2. Determinations. All determinations required to be made under this Indemnification Agreement, including whether and when a Gross-Up Payment is required and the amount of such Gross-Up Payment, shall be made by a nationally recognized accounting firm designated by the Company (the “Accounting Firm”). All fees and expenses of the Accounting Firm shall be borne solely by the Company. Any Gross-Up Payment shall be paid by the Company to the Executive as provided in Paragraph 4 hereof. Any determination by the Accounting Firm shall be binding upon the Company and the Executive.

 

3. Claims. The Executive shall notify the Company in writing of any claim by the Internal Revenue Service that, if successful, would require the payment by the Company of the Gross-Up Payment. Such notification shall be given as soon as practicable but no later than ten (10) business days after the Executive receives written notice of such claim and shall apprise the Company of the nature of such claim and the date on which such claim is requested to be paid. The Executive shall not pay such claim prior to the expiration of the 30-day period following the date on which he gives such notice to the Company (or such shorter period ending on the date any payment of taxes with respect to such claim is due). If the Company notifies the Executive in writing prior to the expiration of such period that it desires to contest such claim, then the Executive shall:

(i) give the Company any information reasonably requested by the Company relating to such claim;

(ii) take such action in connection with contesting such claim as the Company shall reasonably request in writing from time to time, including, without limitation, accepting legal representation with respect to such claim by an attorney reasonably selected by the Company, with all fees and expenses of such attorney to be borne solely by the Company and paid by the Company directly;

(iii) cooperate with the Company in good faith in order effectively to contest such claim; and

(iv) permit the Company to participate in any proceedings relating to such claim;

provided, however, that the Company shall bear and pay directly all costs and expenses (including additional interest and penalties) incurred in connection with such contest for the period commencing upon the date of this Indemnification Agreement and ending upon the date of final resolution of the contested claim and


shall indemnify and hold the Executive harmless, on an after-tax basis, for any income taxes imposed as a result of such representation and payments of costs and expenses.

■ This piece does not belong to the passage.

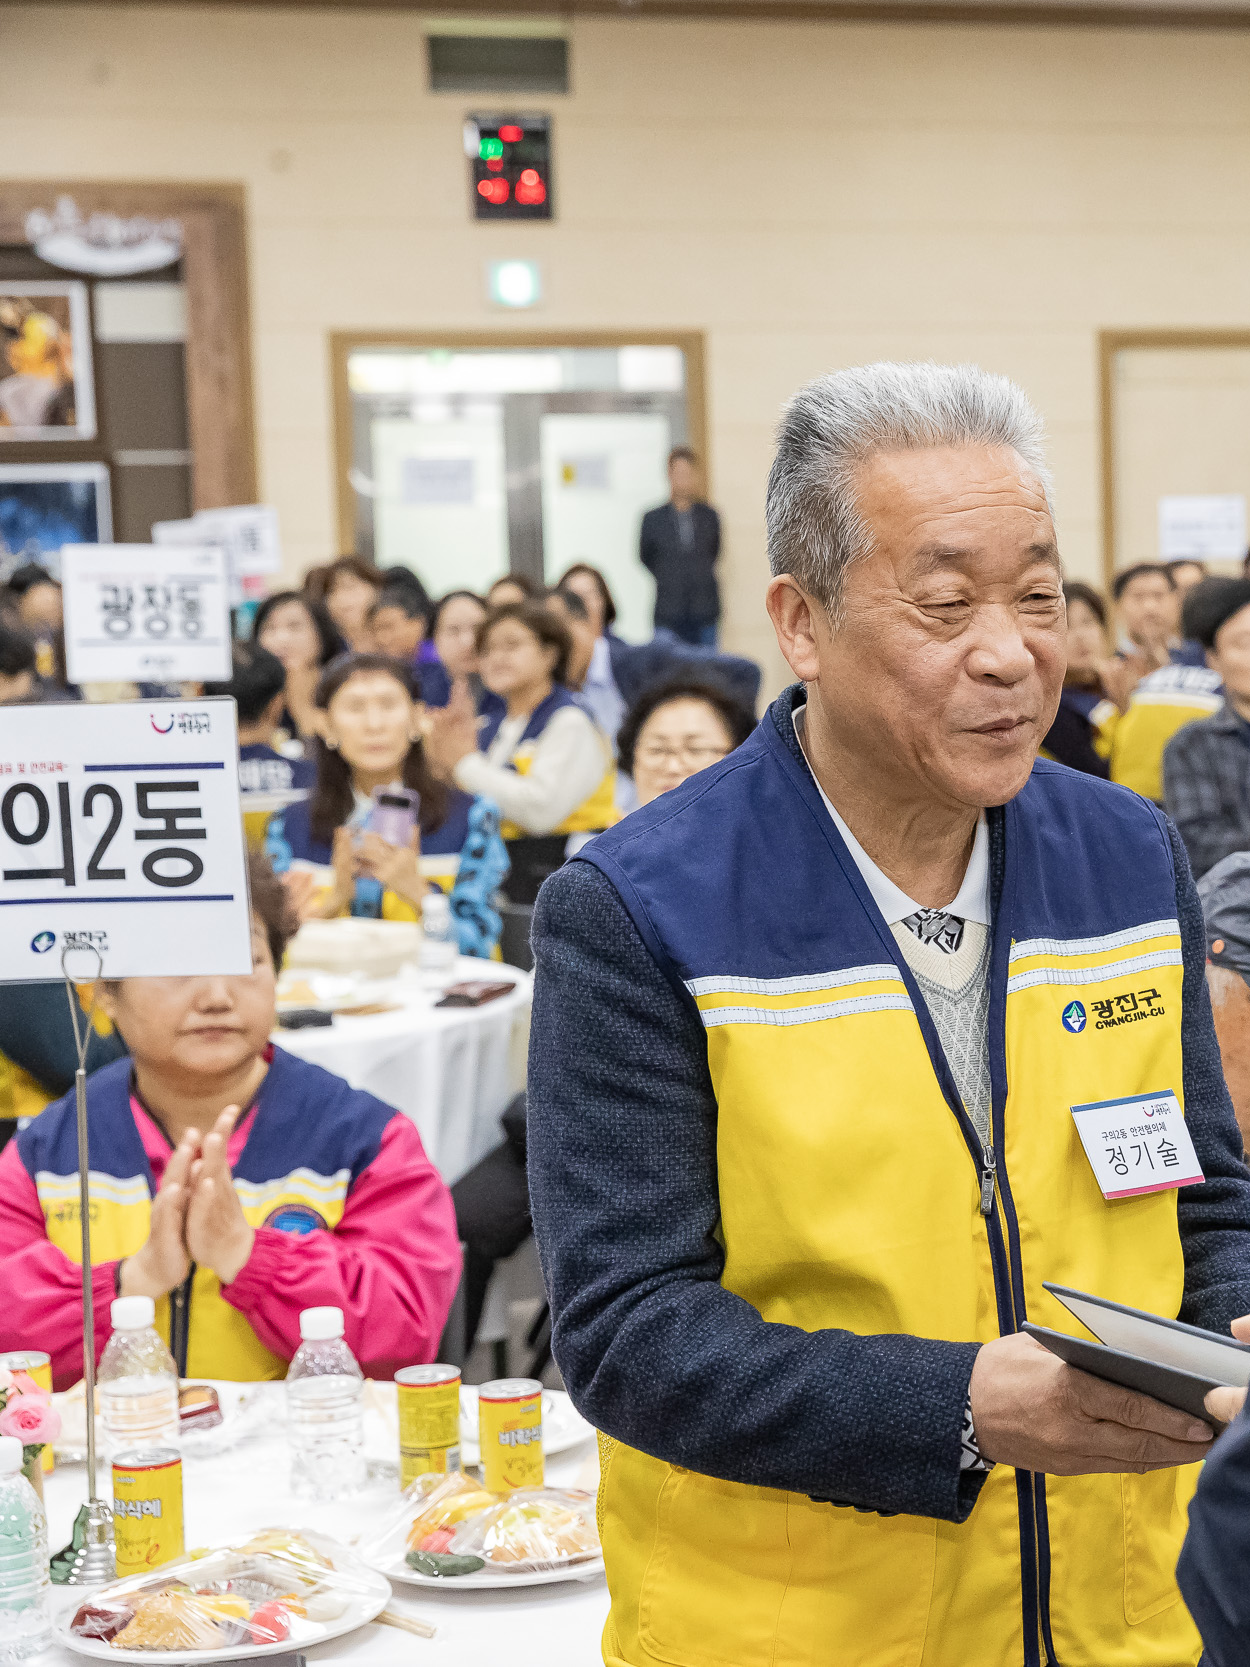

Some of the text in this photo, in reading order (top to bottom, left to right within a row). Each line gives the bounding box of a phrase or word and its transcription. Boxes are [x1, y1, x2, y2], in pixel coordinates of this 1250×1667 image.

The Company shall control all proceedings taken in connection with such contest and, at its sole option, may pursue or forego any and all administrative appeals, proceedings, hearings and conferences with the taxing authority in respect of such claim and may, at its sole option, either direct the Executive to pay the tax claimed and sue for a refund or contest the claim in any permissible manner. The Executive agrees to prosecute such contest to a determination before any administrative tribunal, in a court of initial jurisdiction and in one or more appellate courts, as the Company shall determine.

 

4. Time of Payment. Any Gross-Up Payment payable by the Company under this Indemnification Agreement shall be paid to the Executive no later than five (5) business days prior to the date on which the Executive is required to remit the related taxes to the taxing authority or, in the case of a tax audit or litigation addressing the existence or amount of a tax liability, no later than five (5) business days prior to the date on which the taxes that are the subject of audit or litigation, if any, are required to be remitted to the taxing authority. If, after the receipt by the Executive of a Gross-Up Payment from the Company pursuant to this Indemnification Agreement, the Executive becomes entitled to receive any refund with respect to such claim, the Executive shall pay to the Company the amount of such refund (together with any interest paid or credited thereon after taxes applicable thereto) no later than five (5) business days following the Executive’s receipt of the refund.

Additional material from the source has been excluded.